_TASK DESCRIPTION:_ In your copy, include no images, and write out every entry below exactly as it stands.

[Recorded data]
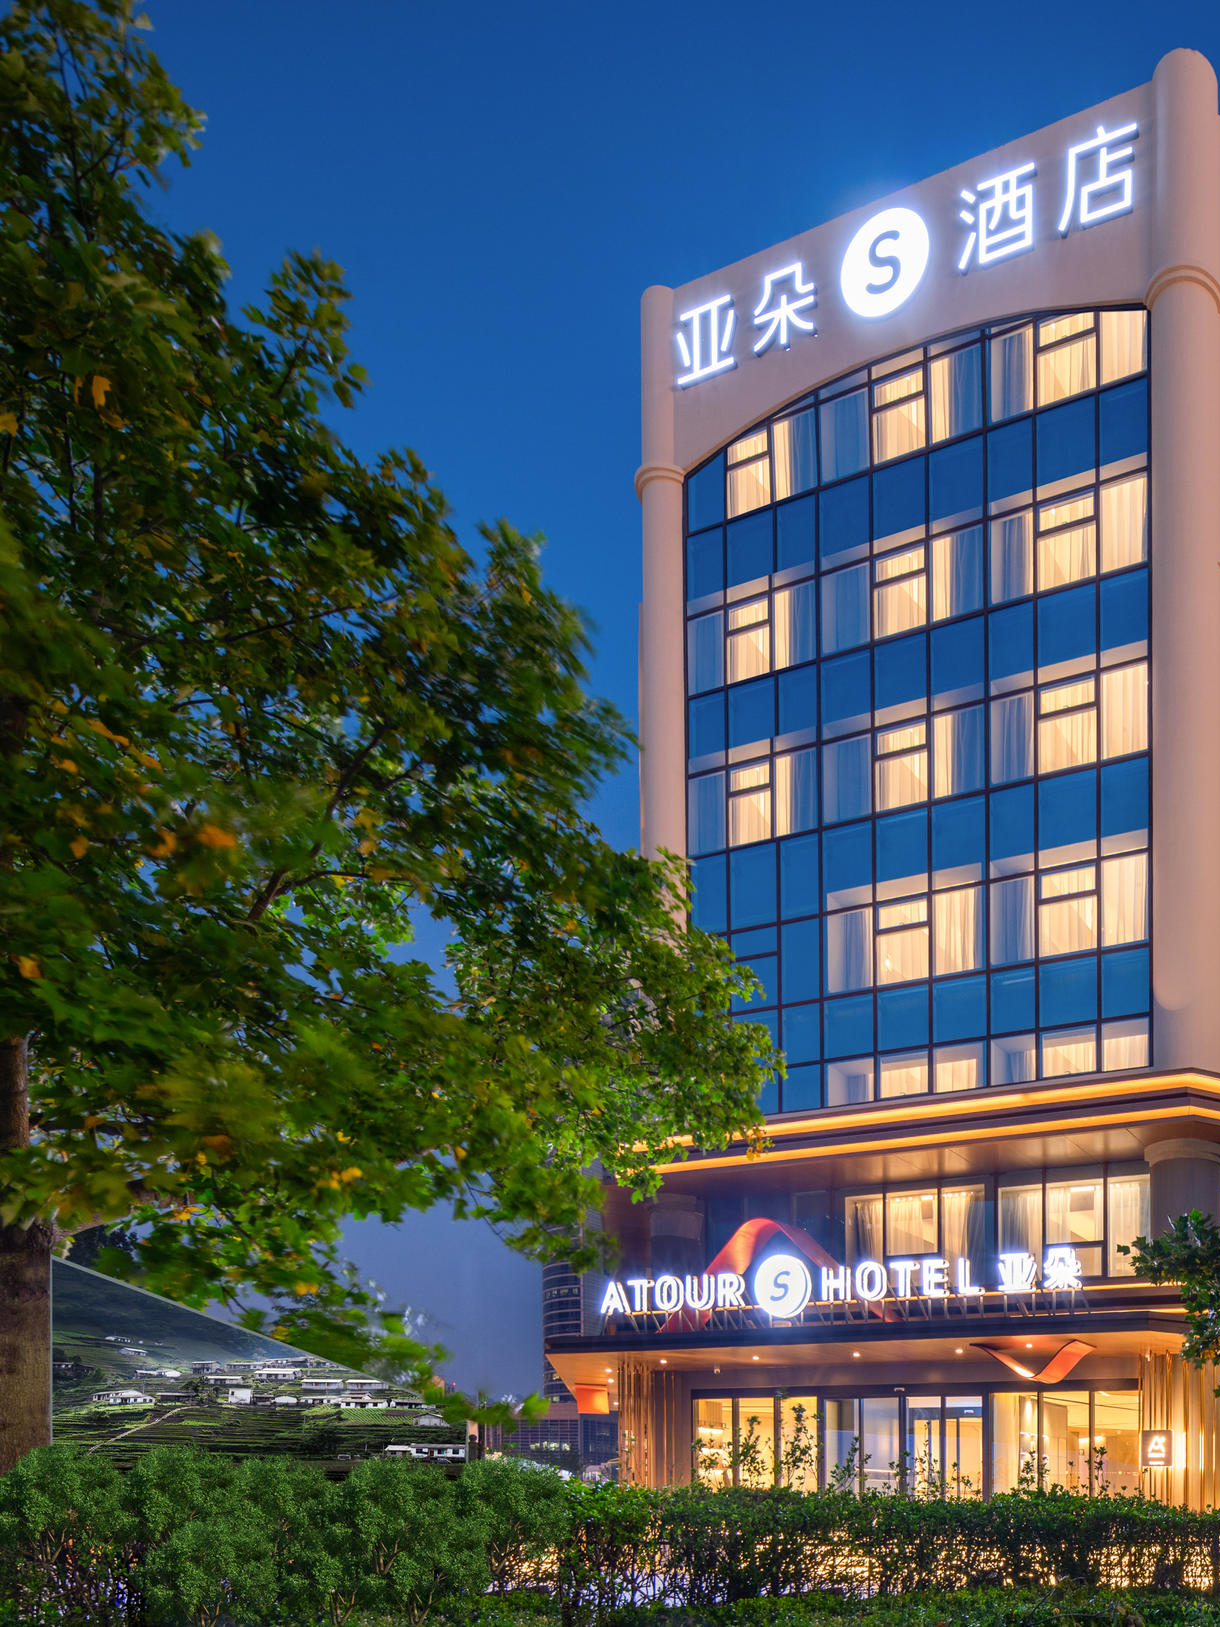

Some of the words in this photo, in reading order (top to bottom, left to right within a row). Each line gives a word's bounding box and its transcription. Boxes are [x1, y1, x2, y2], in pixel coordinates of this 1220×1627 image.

[676, 261, 815, 386] 亚朵
[958, 124, 1139, 271] 酒店
[601, 1272, 746, 1315] ATOUR
[821, 1257, 986, 1301] HOTEL
[998, 1247, 1082, 1293] 亚朵
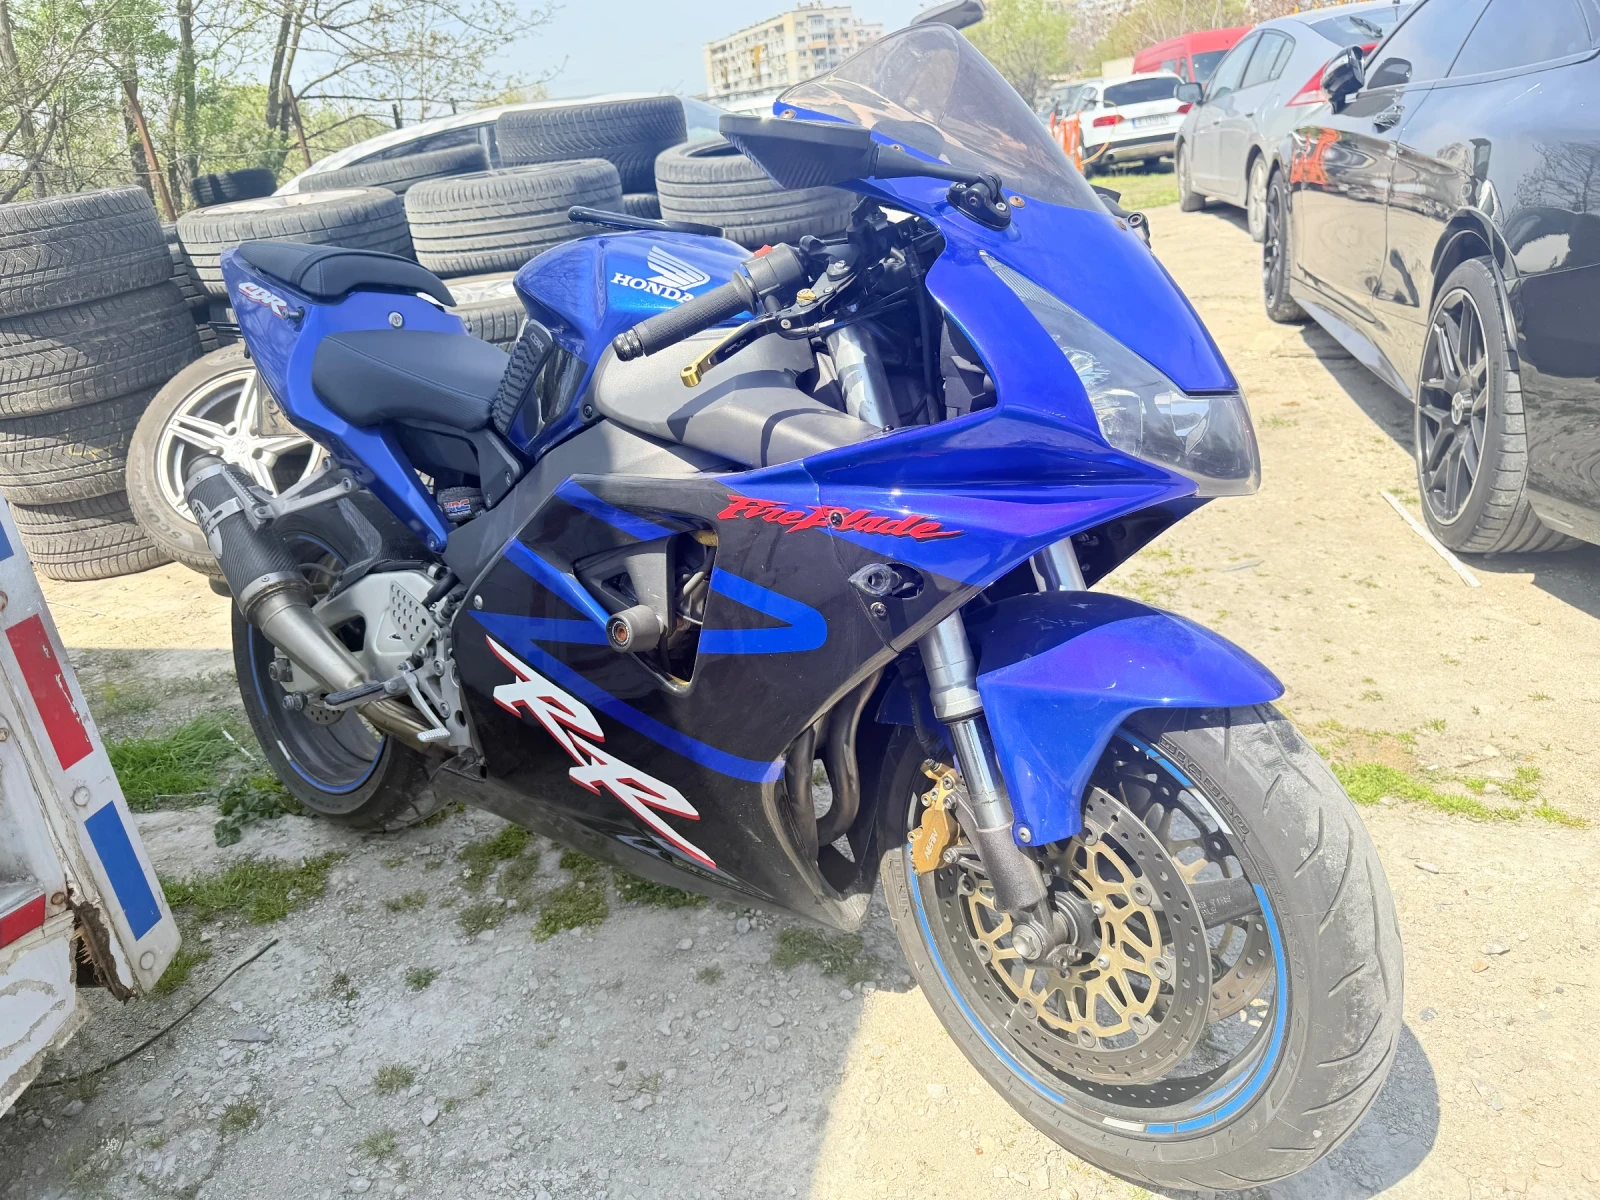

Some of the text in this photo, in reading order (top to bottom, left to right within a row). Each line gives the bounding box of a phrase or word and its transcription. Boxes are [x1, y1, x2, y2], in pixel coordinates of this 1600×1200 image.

[238, 281, 287, 320] CBR
[611, 272, 695, 303] HONDA
[530, 332, 545, 353] CBR
[716, 494, 965, 539] FireBlade
[486, 634, 717, 870] RR

_EXERCISE RESULT:_
Some of the words in this photo, in reading order (top to bottom, left to right within a row). Each line gives a word's bounding box and its transcription. Boxes are [x1, y1, x2, y2], in pixel coordinates of this 1220×1627 image.

[676, 261, 815, 386] 亚朵
[958, 124, 1139, 271] 酒店
[601, 1272, 746, 1315] ATOUR
[821, 1257, 986, 1301] HOTEL
[998, 1247, 1082, 1293] 亚朵

Some of the text in this photo, in reading order (top to bottom, left to right within a row). Each line gives the bounding box of a phrase or word and its transcription. Boxes are [x1, y1, x2, y2], in pixel coordinates of this 1600×1200 image.

[238, 281, 287, 320] CBR
[611, 272, 695, 303] HONDA
[530, 332, 545, 353] CBR
[716, 494, 965, 539] FireBlade
[486, 634, 717, 870] RR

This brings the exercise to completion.